[Task objective] Please repeat the records word for word and skip the pictures.

*** Begin section ***

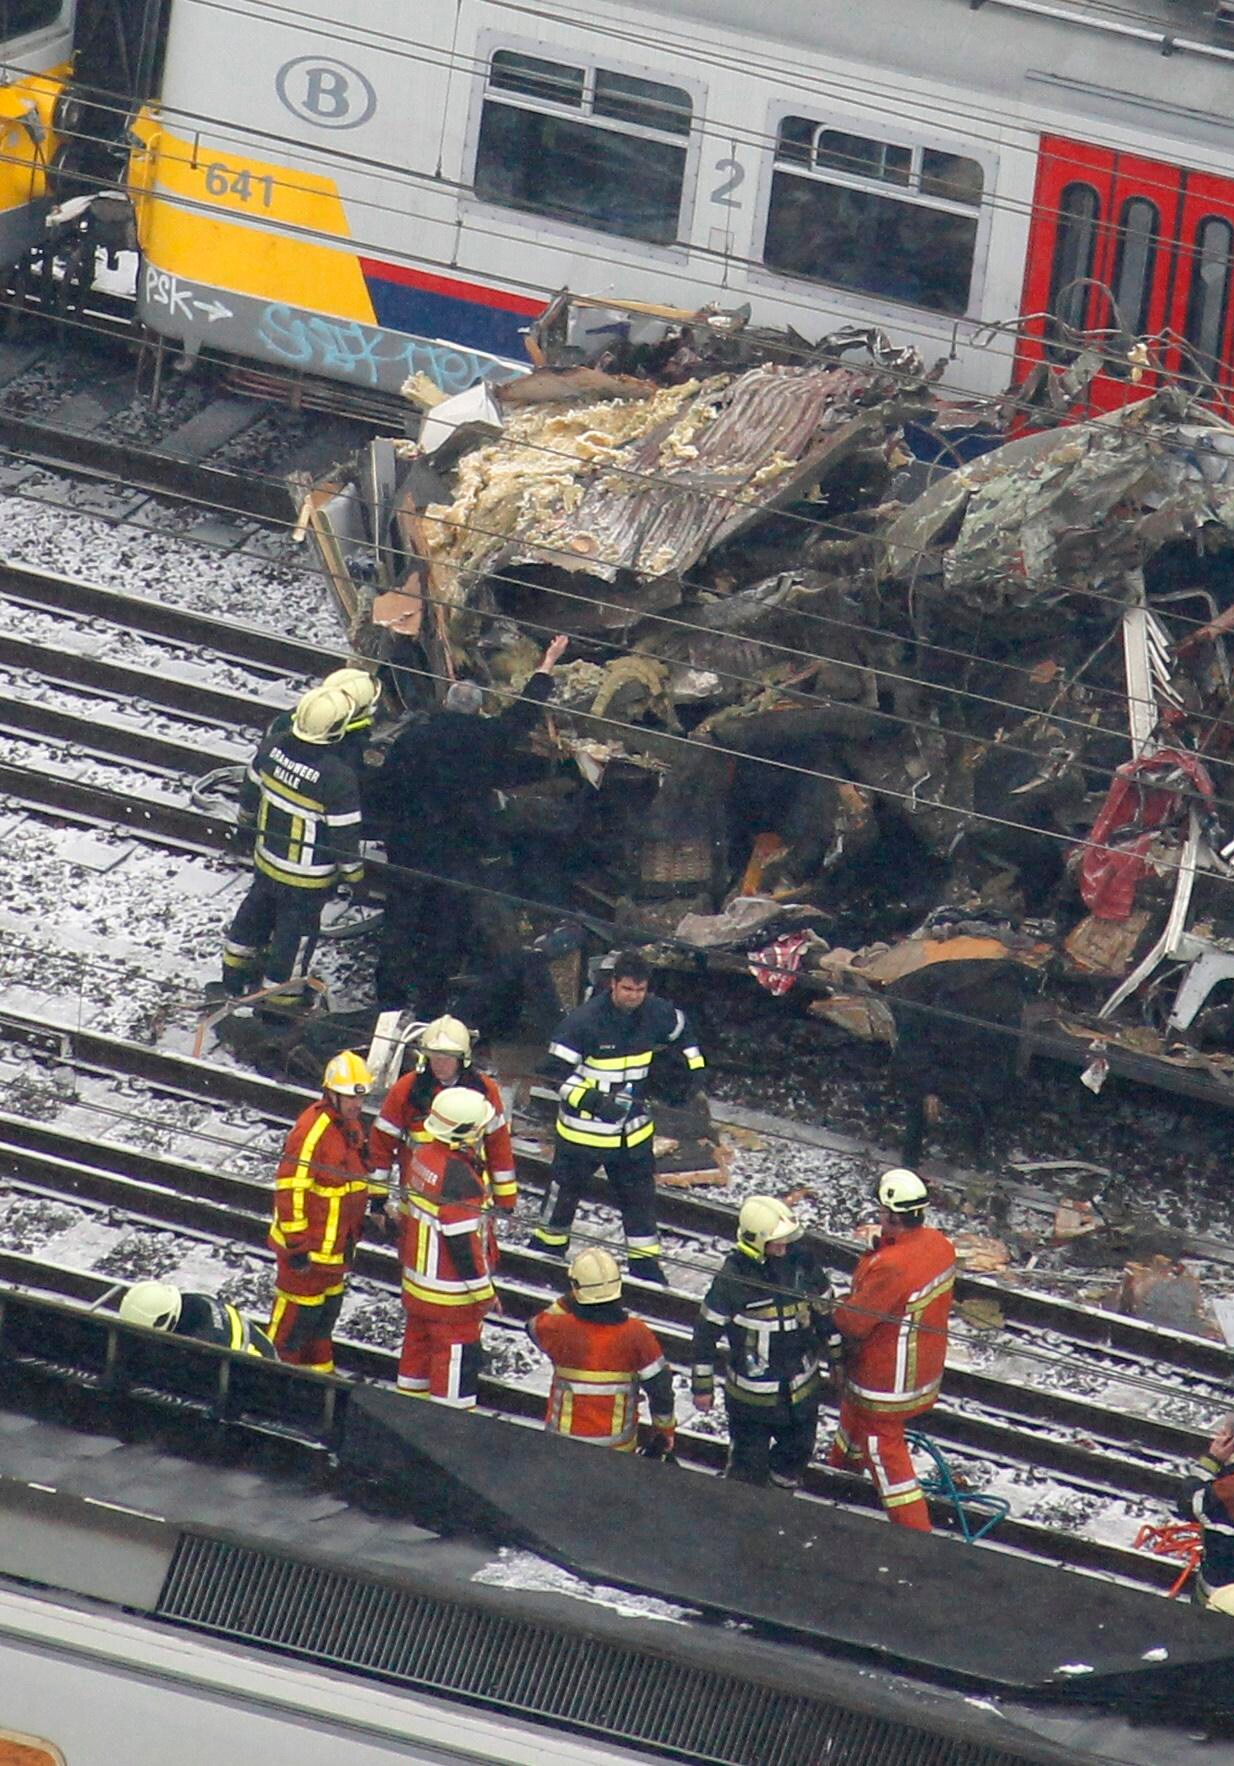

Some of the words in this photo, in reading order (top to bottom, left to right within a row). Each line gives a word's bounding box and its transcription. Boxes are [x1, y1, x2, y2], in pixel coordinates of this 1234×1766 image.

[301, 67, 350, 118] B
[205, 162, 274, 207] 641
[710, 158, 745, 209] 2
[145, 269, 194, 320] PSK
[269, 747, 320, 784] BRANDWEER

*** End section ***

[Output for this task]
Some of the words in this photo, in reading order (top to bottom, left to right within a row). Each line gives a word's bounding box and its transcription. Boxes are [x1, y1, x2, y2], in pixel coordinates of this 1234×1766 image.

[301, 67, 350, 118] B
[205, 162, 274, 207] 641
[710, 158, 745, 209] 2
[145, 269, 194, 320] PSK
[269, 747, 320, 784] BRANDWEER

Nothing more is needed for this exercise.